Sunday, February 27, 2011

Feeling the Icky Love Stuff?

Either these videos will make you feel warm and fuzzy..or horribly alone...
Either way... ARGH.,.. so good

This took research ladies- you better enjoy every friggin moment- Welcome to my top ten love moments..

Penelope
http://www.youtube.com/watch?v=If7yzsrEIEM

Jerry Mcguire
http://www.youtube.com/watch?v=L-yOdPjvwtY

Serendipity
http://www.youtube.com/watch?v=dwnSmqr-9Wg

10 Things I hate about you
http://www.youtube.com/watch?v=0SfVM3nIM9o

Brokeback Mountain
http://www.youtube.com/watch?v=KG87wwjvMMg

Love Actually
http://www.youtube.com/watch?v=5m2T5yfgsZ0

PS I Love You
http://www.youtube.com/watch?v=bhl21PYdmqw

Grey's Anatomy
http://www.youtube.com/watch?v=O9Swo1anaCE

The Notebook
http://www.youtube.com/watch?v=T9JTfU7YtGQ&feature=related

Romeo and Juliet
http://www.youtube.com/watch?v=kXNGr_DqiYs&feature=fvwrel



Thursday, February 24, 2011

I've Been Absent...

I know I haven't been around too much lately- but honestly it is just because of busyness/lazyness.
I had a really crappy gym week where for some reason or another- I haven't had a chance to go all week and I think my level of happiness has been greatly affected unfortunately... I feel like a walking piece of flubber.. just heavy.. and sad and making noises like "whomp whompppp"- or maybe not that bad lol.. I just feel really "Meh" lol..
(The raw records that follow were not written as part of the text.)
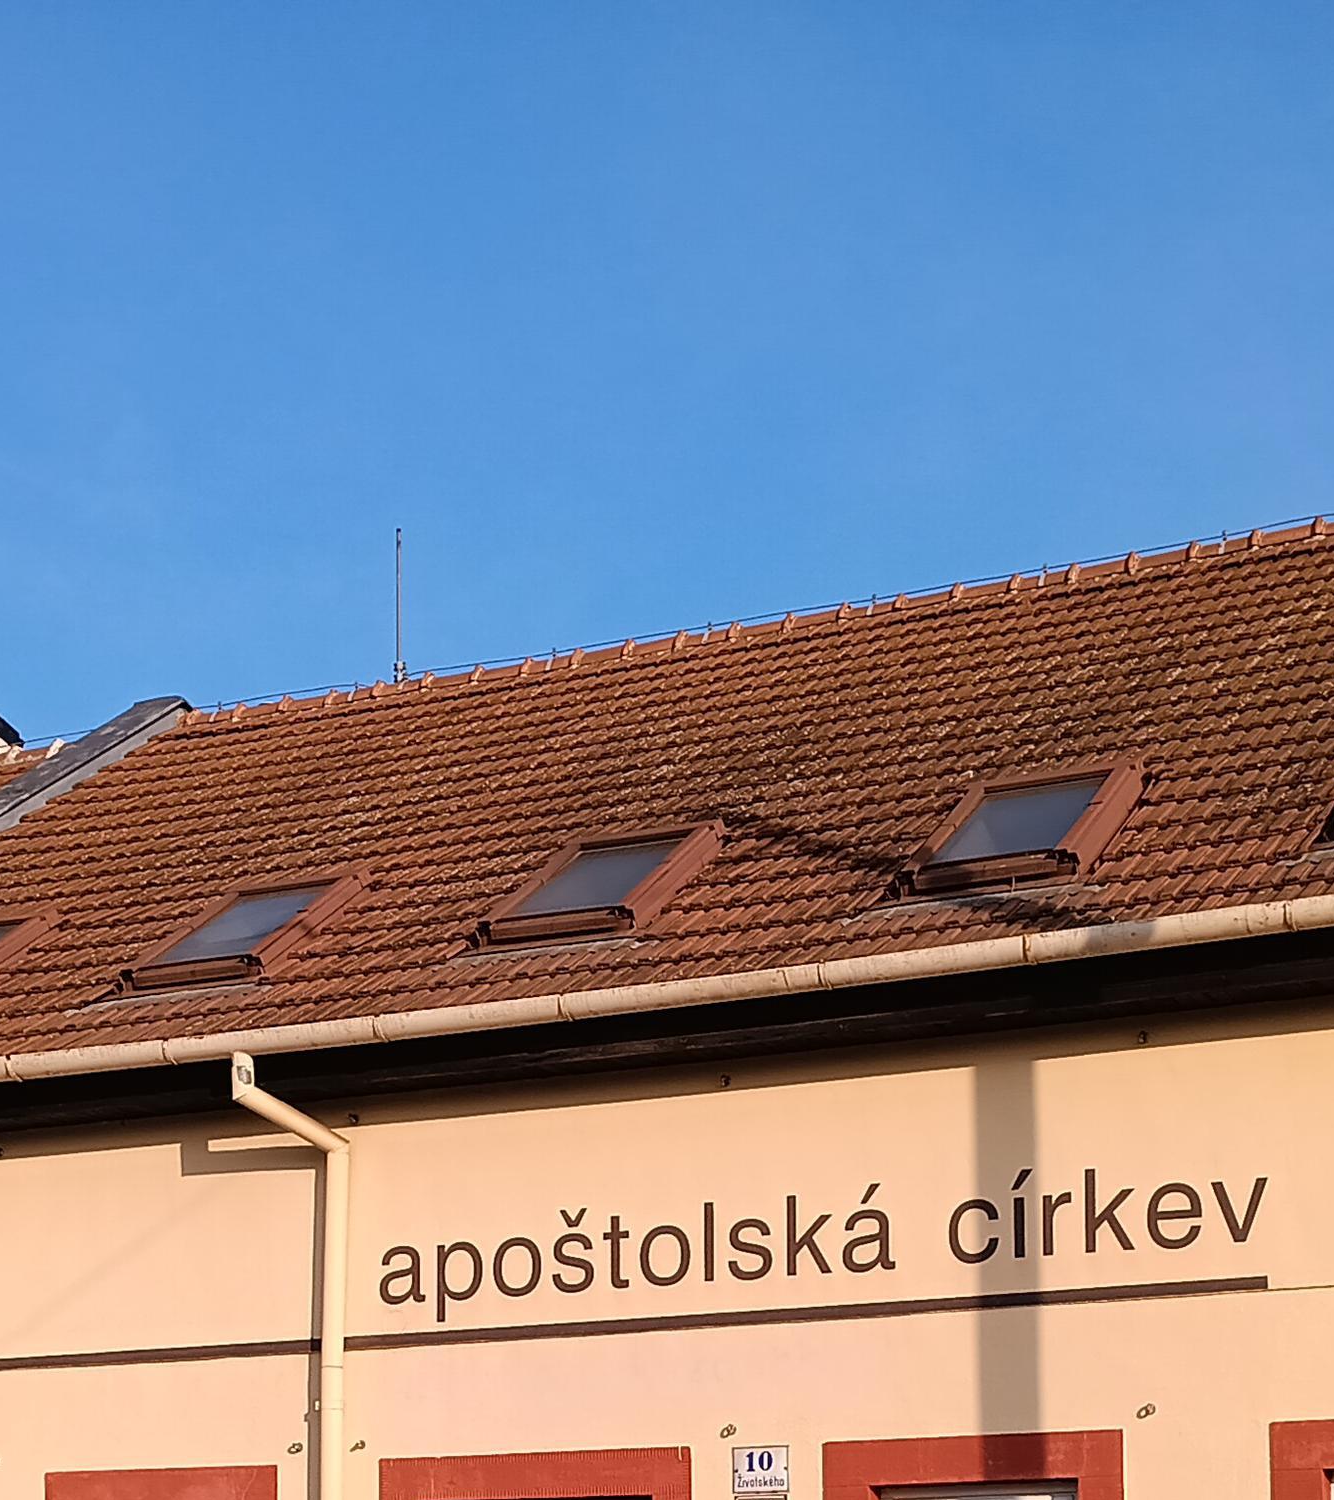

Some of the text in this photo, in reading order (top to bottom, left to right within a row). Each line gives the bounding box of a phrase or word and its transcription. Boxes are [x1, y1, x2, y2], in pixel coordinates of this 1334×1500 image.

[378, 1168, 1268, 1322] apoštolská církev
[745, 1451, 773, 1472] 10
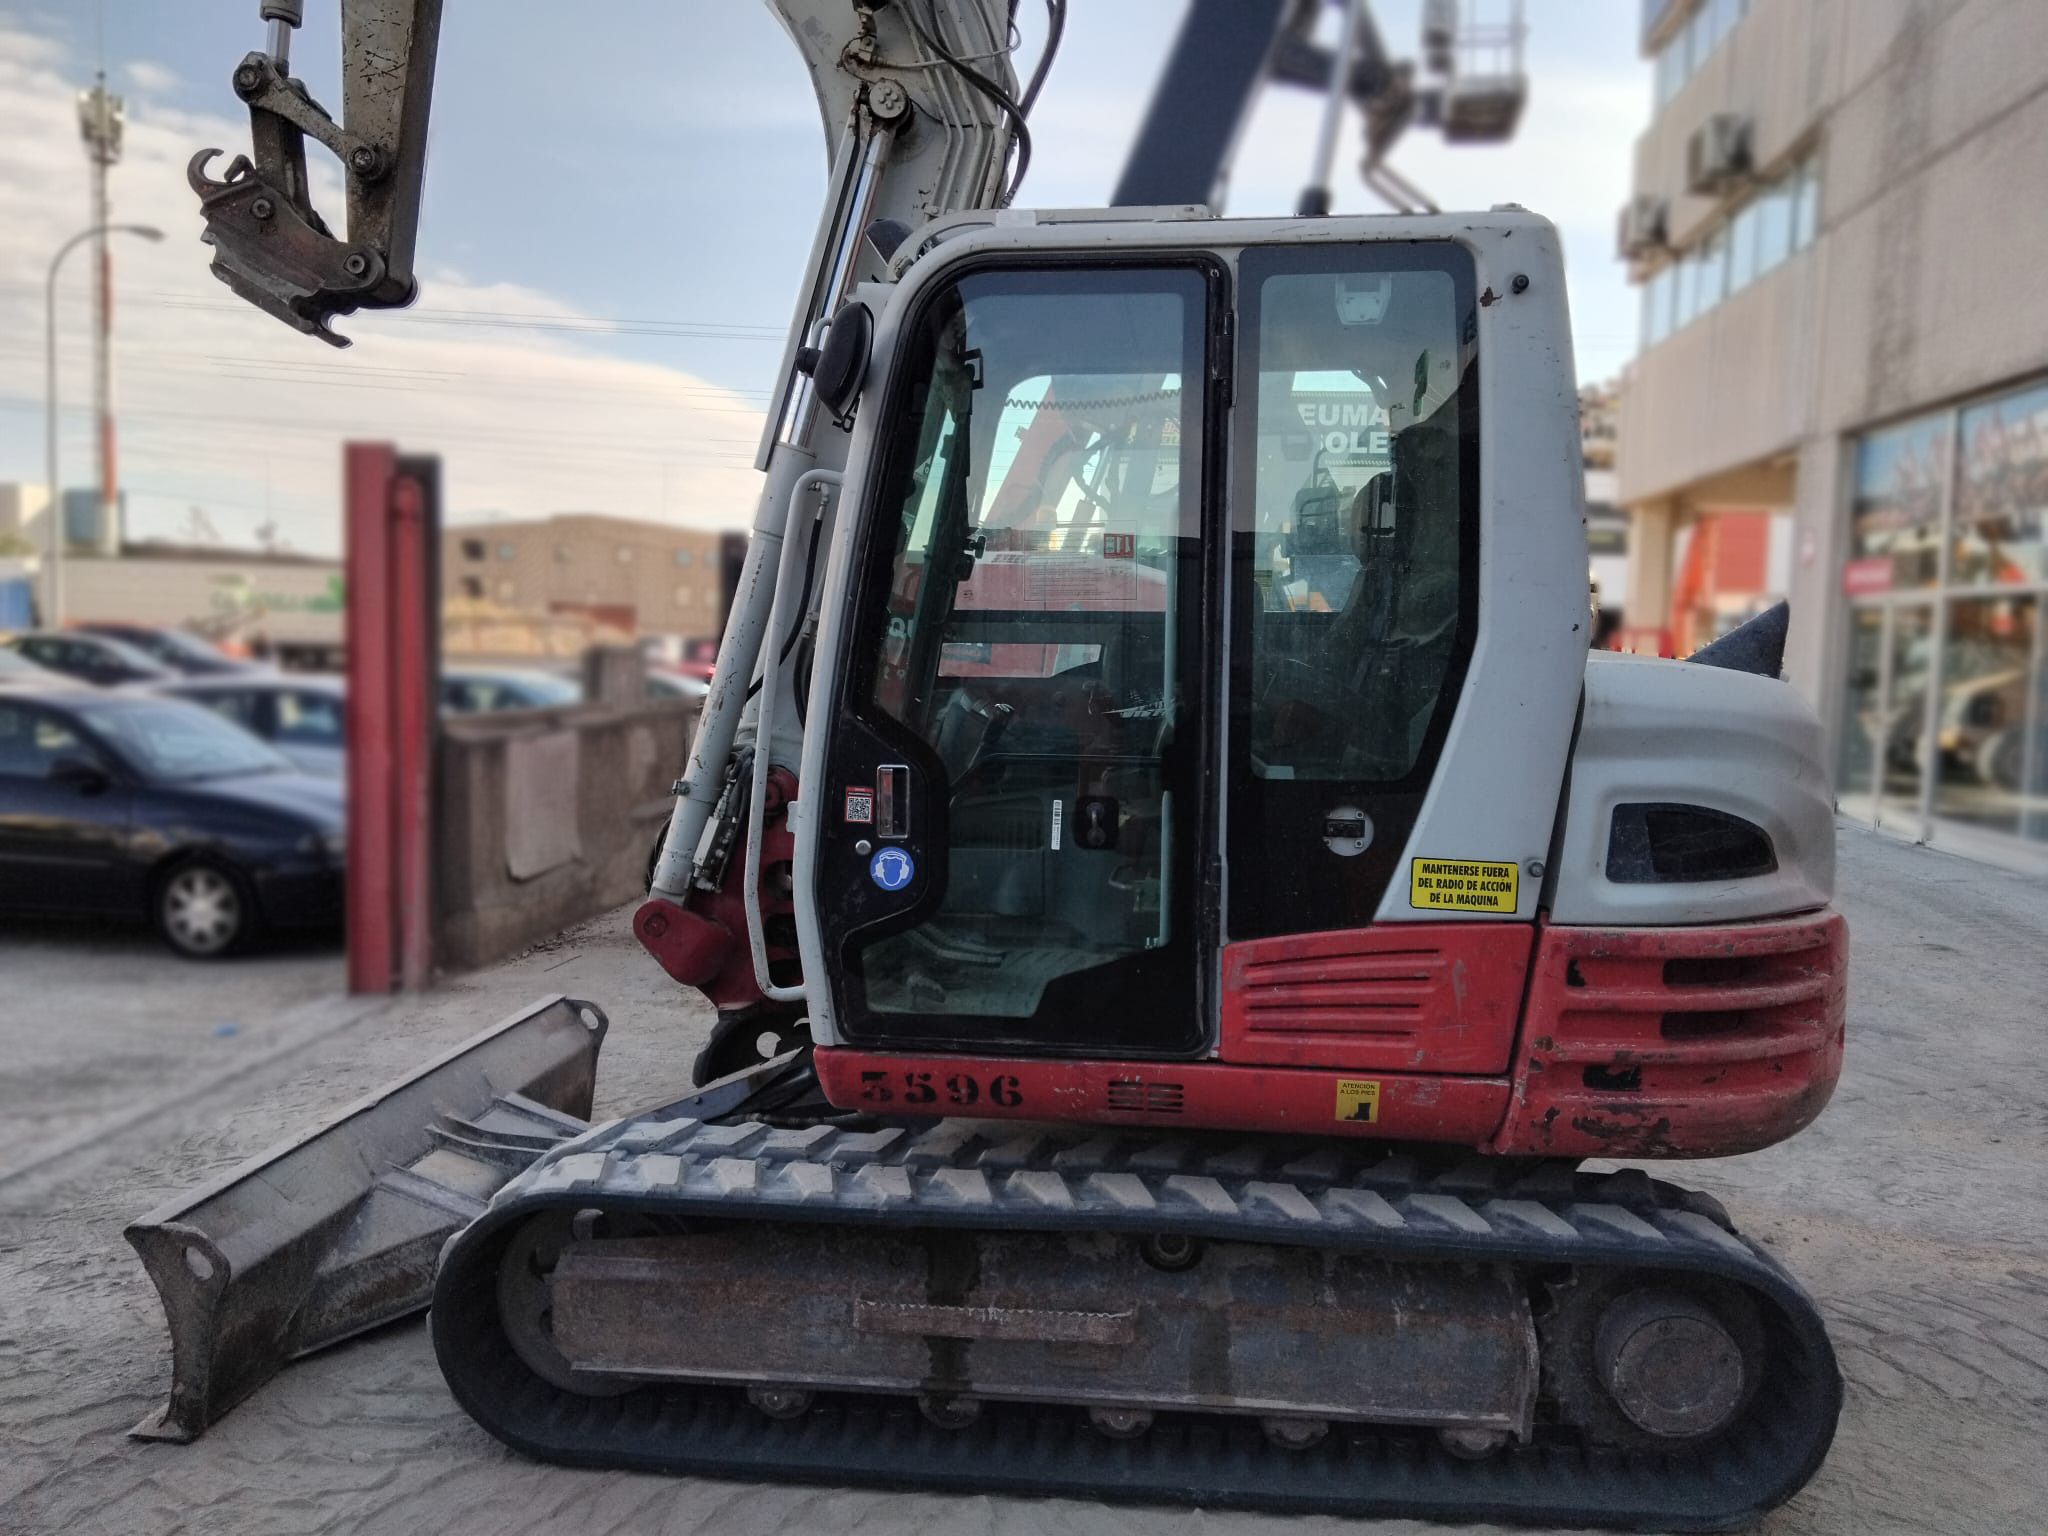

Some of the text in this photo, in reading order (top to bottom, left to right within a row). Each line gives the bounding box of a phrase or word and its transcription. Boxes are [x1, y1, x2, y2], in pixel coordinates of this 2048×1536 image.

[1422, 864, 1509, 878] MANTENERSE FUERA
[1418, 877, 1512, 893] DEL RADIO DE ACCIÓN
[1429, 891, 1498, 906] DE LA MÁQUINA
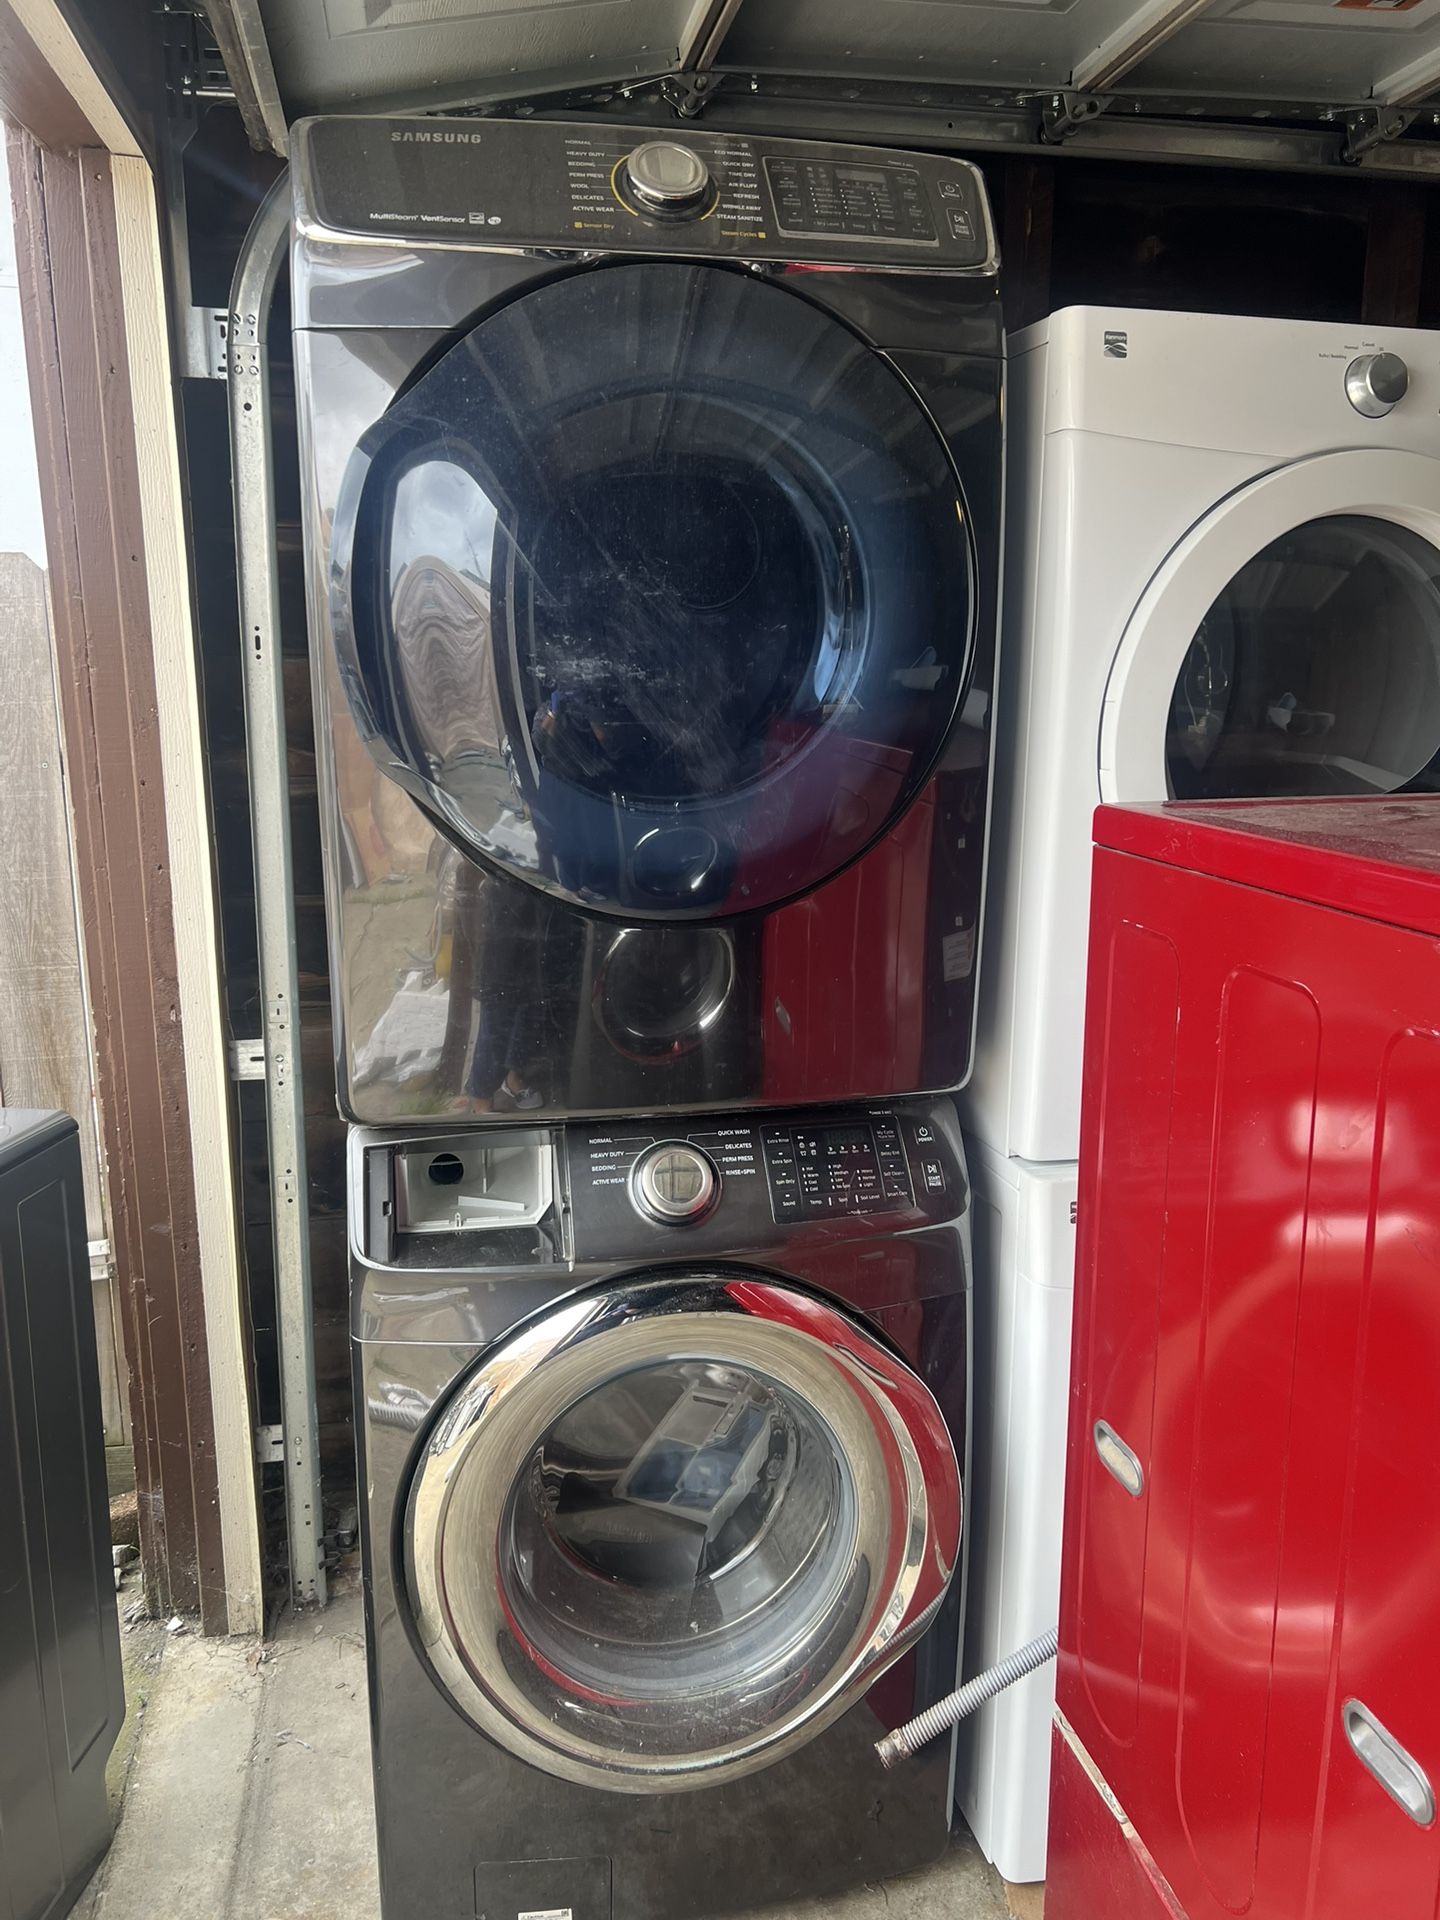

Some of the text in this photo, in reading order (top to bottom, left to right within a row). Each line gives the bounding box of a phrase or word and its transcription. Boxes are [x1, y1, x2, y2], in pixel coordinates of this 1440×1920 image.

Tomorrow I am going to go hit the gym hard tho for sureeeeee... I am then going to go buy a little present for Peter before he deploys.. I'm getting him something to put on his dog tags.. nothing crazy.. Just has a verse on it that my dad used to have written on a pendant he used to wear... it says.
"May the lord watch between me and thee, when we are absent from one another."
I really like it.. and I think that he will.. suits the situation.

It sucks because every issue I have with him is strictly a maturity thing.. I really feel like they will fix themselves with time.

There are a lot of things I don't know.. especially with him leaving for a year.. but here is what I do know..
-I know that his love for me is true and strong and genuine..
-I know that there is no one else I would rather have sex with
-I know that his smile makes me melt
-I can't picture having babies with anyone else
-We have so much fun when we are together
-We have only had one fight that lasted more than 5 minutes while together.
-Thinking him being with anyone else makes we want to kill someone..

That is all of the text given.